Azaghvana E-Book 2003 - Flipbook - Page 55
If we want to climb up to Dghweɗe from the western side of the hills, we might want to hire a
motorbike in Gwoza town to take us to the mountain foot. To get there we have to travel
through Vile, one of the three Lamang villages of Hiɗkala, forming a semicircular valley
wide open to the western plains and a range of foothills along the inner valley floor. Plate 7b
shows an oral-historical key site in Vile, called bebe, while Plate 10a shows the upper slopes
of the Hiɗkala valley that belongs to administrative Korana Basa in Dghweɗe.

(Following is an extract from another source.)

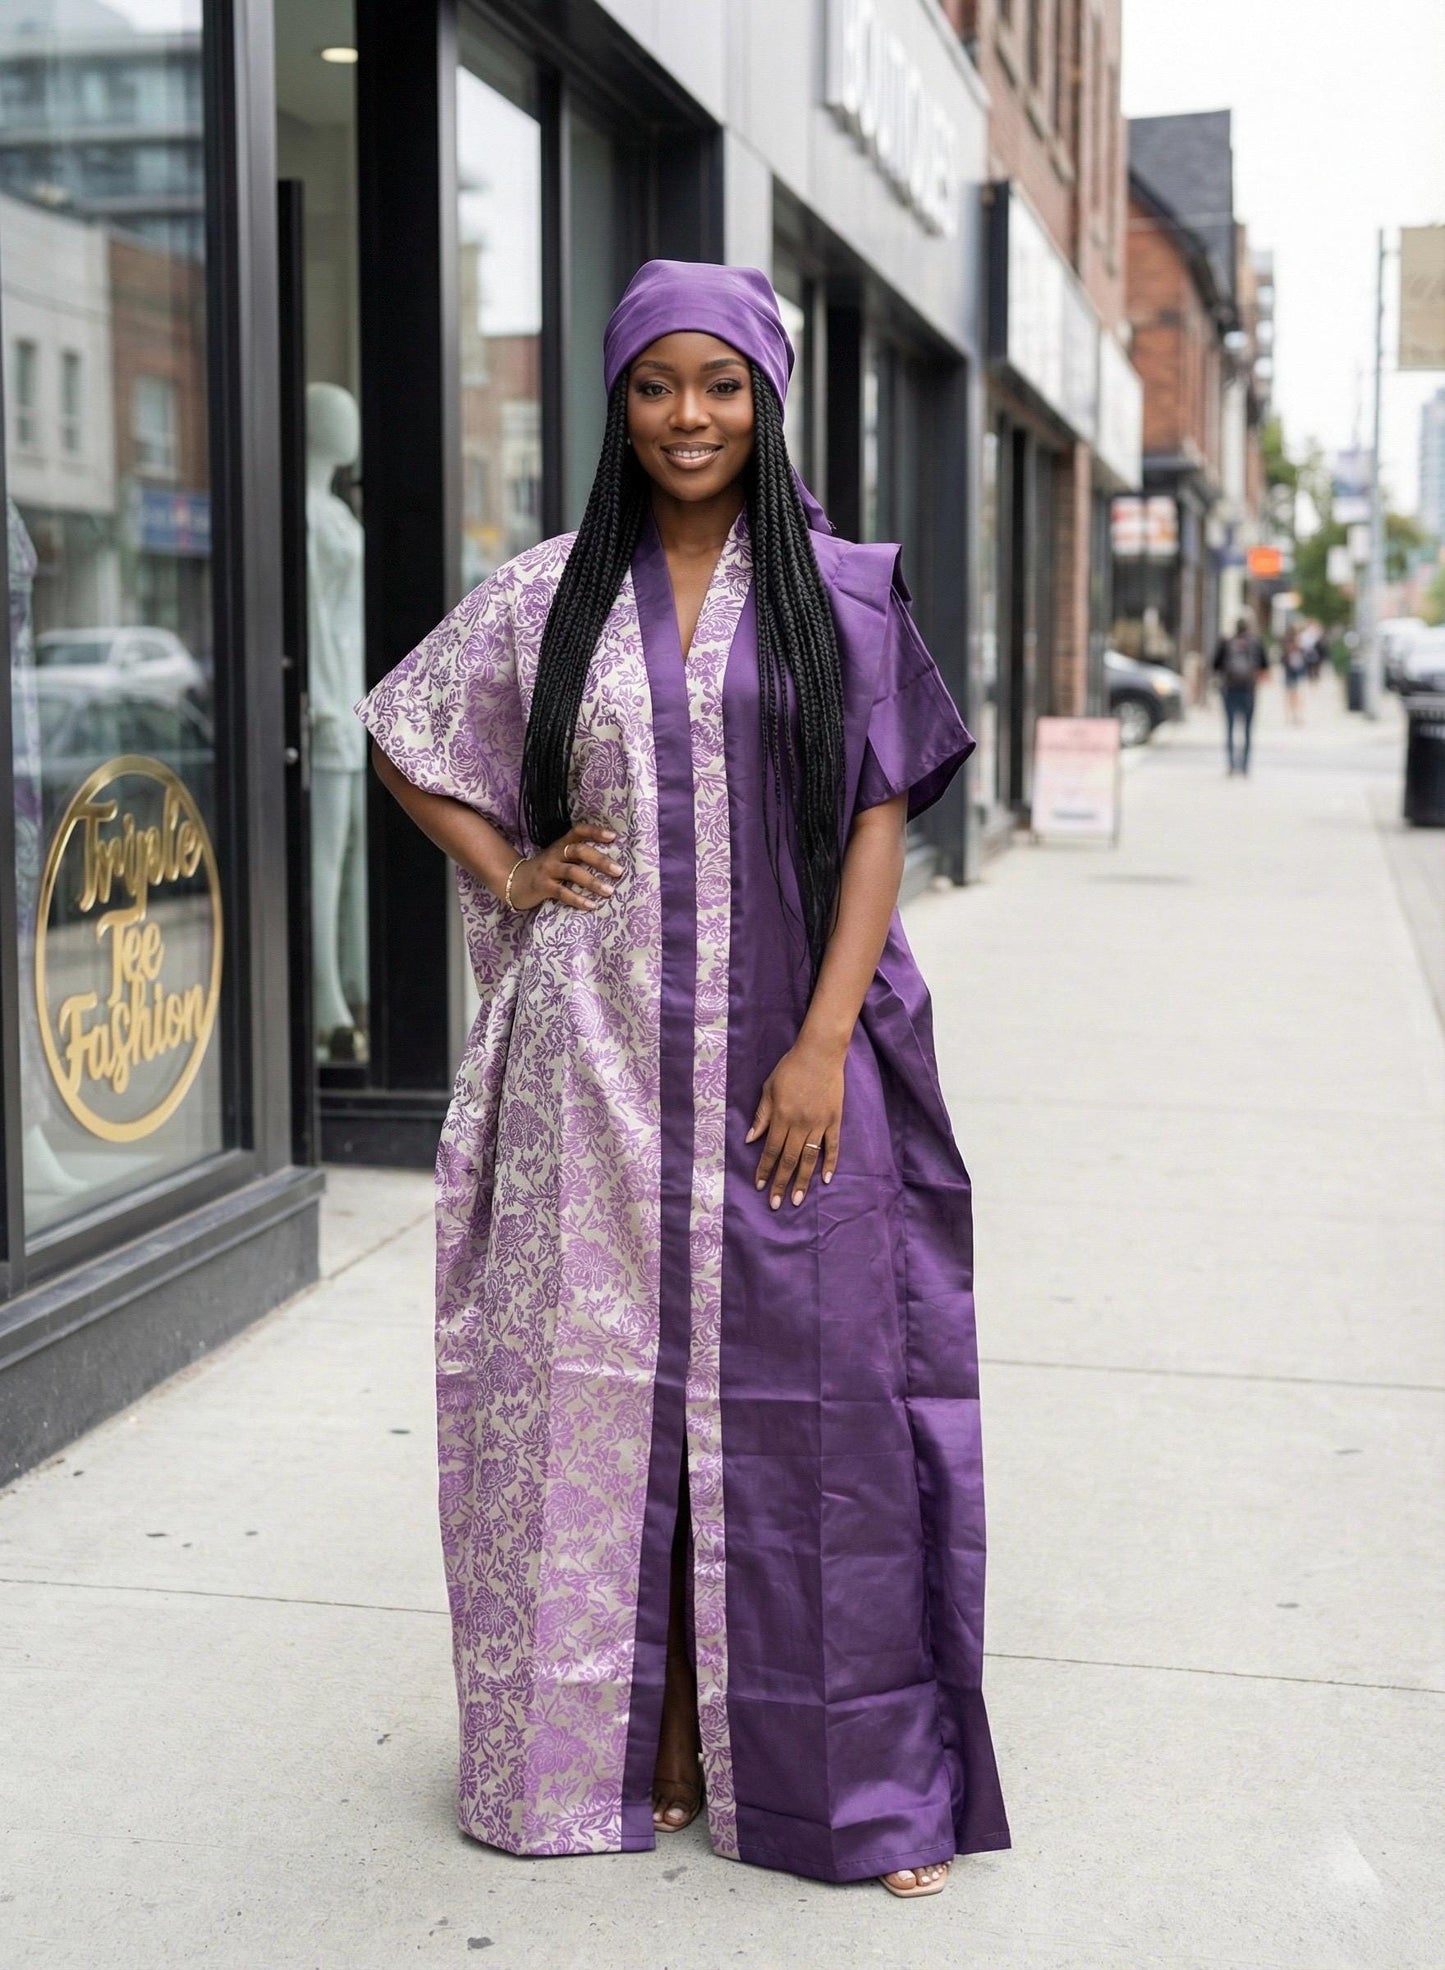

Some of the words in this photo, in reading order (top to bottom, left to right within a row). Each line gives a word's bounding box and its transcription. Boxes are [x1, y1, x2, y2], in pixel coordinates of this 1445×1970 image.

[73, 783, 204, 921] Triple
[96, 907, 164, 1005] Tee
[59, 978, 205, 1094] Fashion

Hambagda and Hudugum are the other two Lamang settlements, but the administrative name
for these three villages is not Hiɗkala but Hambagda. We decide not to climb from this side
since it looks rather steep, and instead continue our journey south by following the main road,
and after about 10km from Gwoza town we get to Limankara. Here the mountain foot reaches
out a little into the plain (see Plate 7a) and the main road passes very close by. We look up to
our left and see the Gvoko massif equally steep and high but we know there is a dirt road
leading up to Ngoshe Sama. As we don’t have a four-wheel-drive car or a heavy powerful
motorbike we can’t make it up to Ngoshe Sama and decide to head back to Pulka.
Plate 7a: View of Gvoko and Tur heights from Uvagha foothills of the western plain.
Plate 7b: Bebe (legendary foothill and shrine) of Vile, with foothill of Disa in background.
To get to the eastern side of the Gwoza hills we have to leave the tarmac road in Pulka and
find ourselves on an extremely badly-maintained dirt road leading towards the Cameroonian
border. As the weather is fairly clear we can see the distant Mora hills rising out of the
northern plain when looking across from Ghwa'a in Dghweɗe (see Plate 9b).
They are about 40km away, and represent the northeastern limits of the Mandara Mountains.
Straight ahead of us, only about 15km away, we see mount Kirawa jutting out of the plain,
and to its eastern foot is Kirawa town, the old capital of the early Wandala state (Plate 9a).
The international boundary divides Kirawa into Cameroonian and Nigerian parts, but we
don’t want to travel to Kirawa, and turn south at the earlier mentioned crossing, shortly after
Pulka. Only a few kilometres later we arrive in Bokko, where we see to our right the Zelidva
spur rising steeply from this side of the Gwoza hills (see Plate 8b).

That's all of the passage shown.